/---

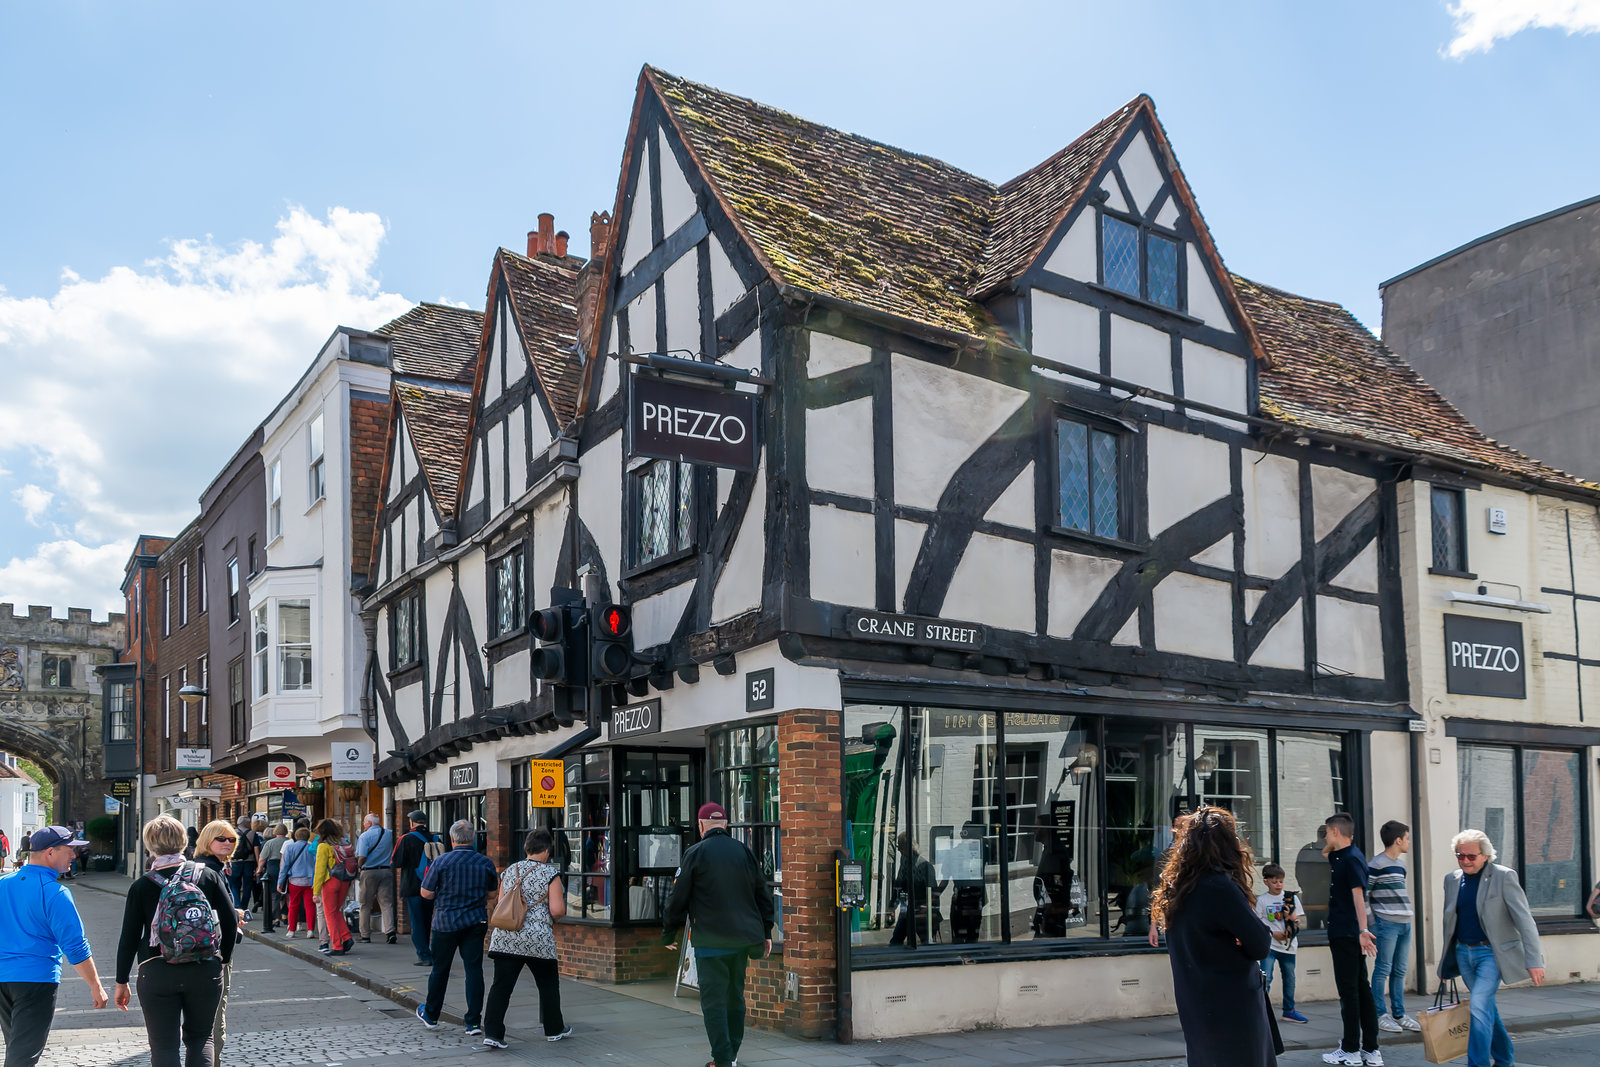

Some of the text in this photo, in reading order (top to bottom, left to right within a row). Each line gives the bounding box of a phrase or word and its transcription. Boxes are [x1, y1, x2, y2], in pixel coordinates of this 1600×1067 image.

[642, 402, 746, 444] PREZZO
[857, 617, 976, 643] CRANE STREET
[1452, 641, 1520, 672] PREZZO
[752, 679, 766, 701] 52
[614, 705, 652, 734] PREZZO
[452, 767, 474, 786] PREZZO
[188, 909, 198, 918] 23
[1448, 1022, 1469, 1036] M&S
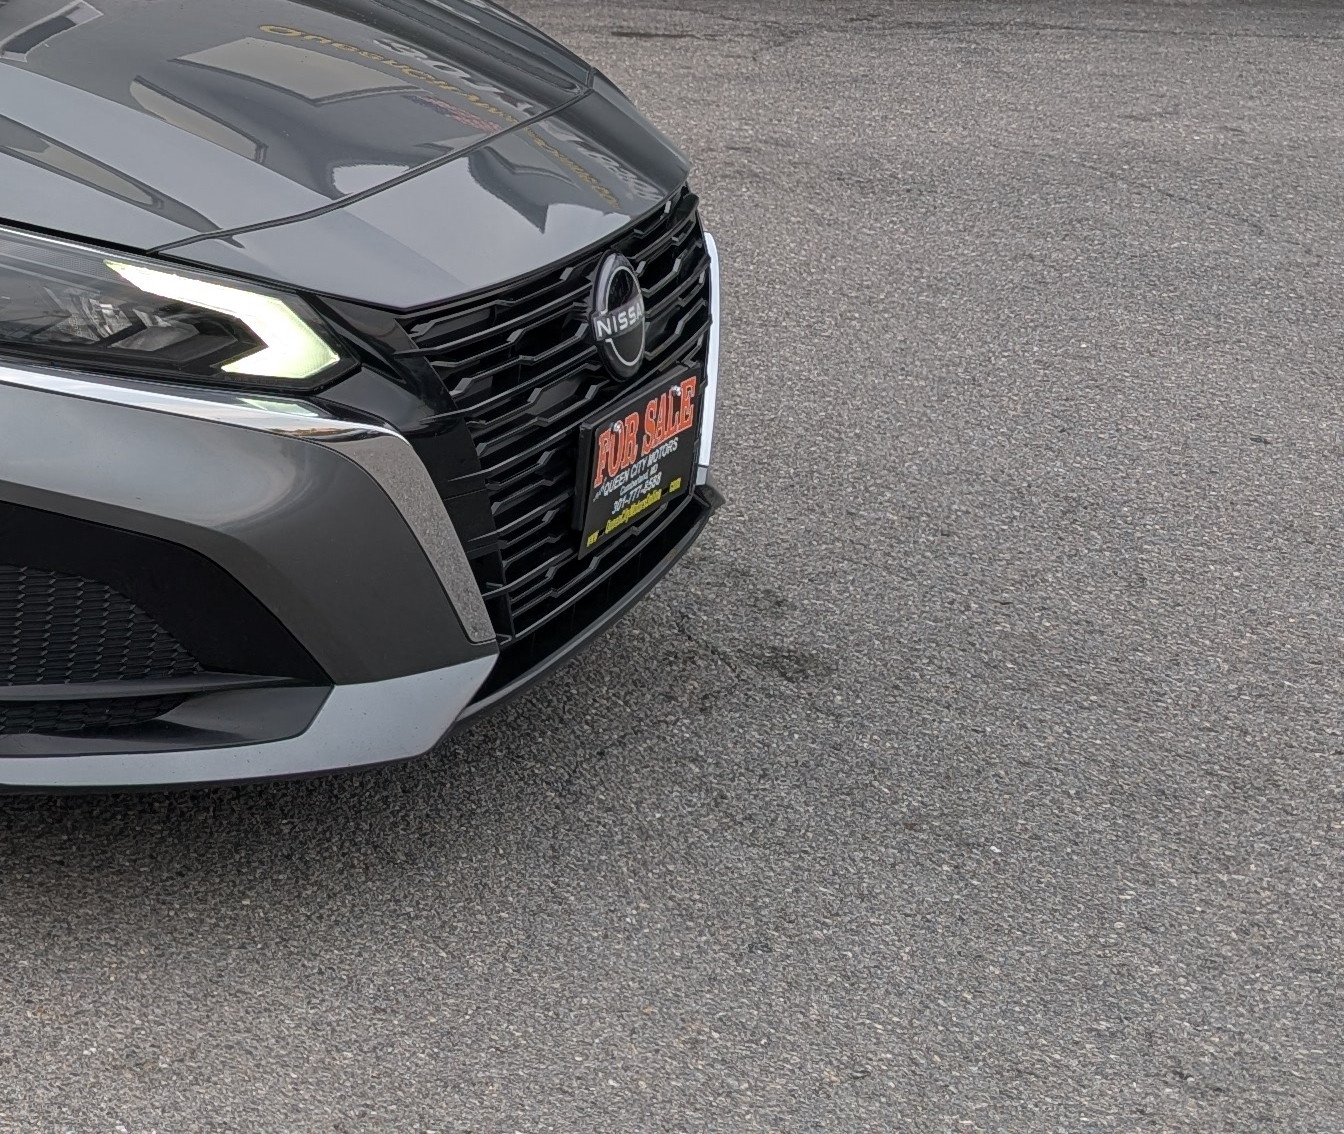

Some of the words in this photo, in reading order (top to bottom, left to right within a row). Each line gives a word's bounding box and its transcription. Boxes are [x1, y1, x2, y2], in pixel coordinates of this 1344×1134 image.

\---

Exercise requirements: Copy the data exactly. Any picture it contains is to be omitted.

Solution to this task:
Some of the text in this photo, in reading order (top to bottom, left to right within a row). Each line gives the bounding box of a phrase or word and its transcription. Boxes are [x1, y1, x2, y2], in pixel coordinates of this 1600×1067 image.

[642, 402, 746, 444] PREZZO
[857, 617, 976, 643] CRANE STREET
[1452, 641, 1520, 672] PREZZO
[752, 679, 766, 701] 52
[614, 705, 652, 734] PREZZO
[452, 767, 474, 786] PREZZO
[188, 909, 198, 918] 23
[1448, 1022, 1469, 1036] M&S

Some of the words in this photo, in reading order (top to bottom, left to right within a row). Each line gives a word's bounding box and its transcription. Boxes are [x1, y1, x2, y2], in pixel coordinates of this 1344×1134 image.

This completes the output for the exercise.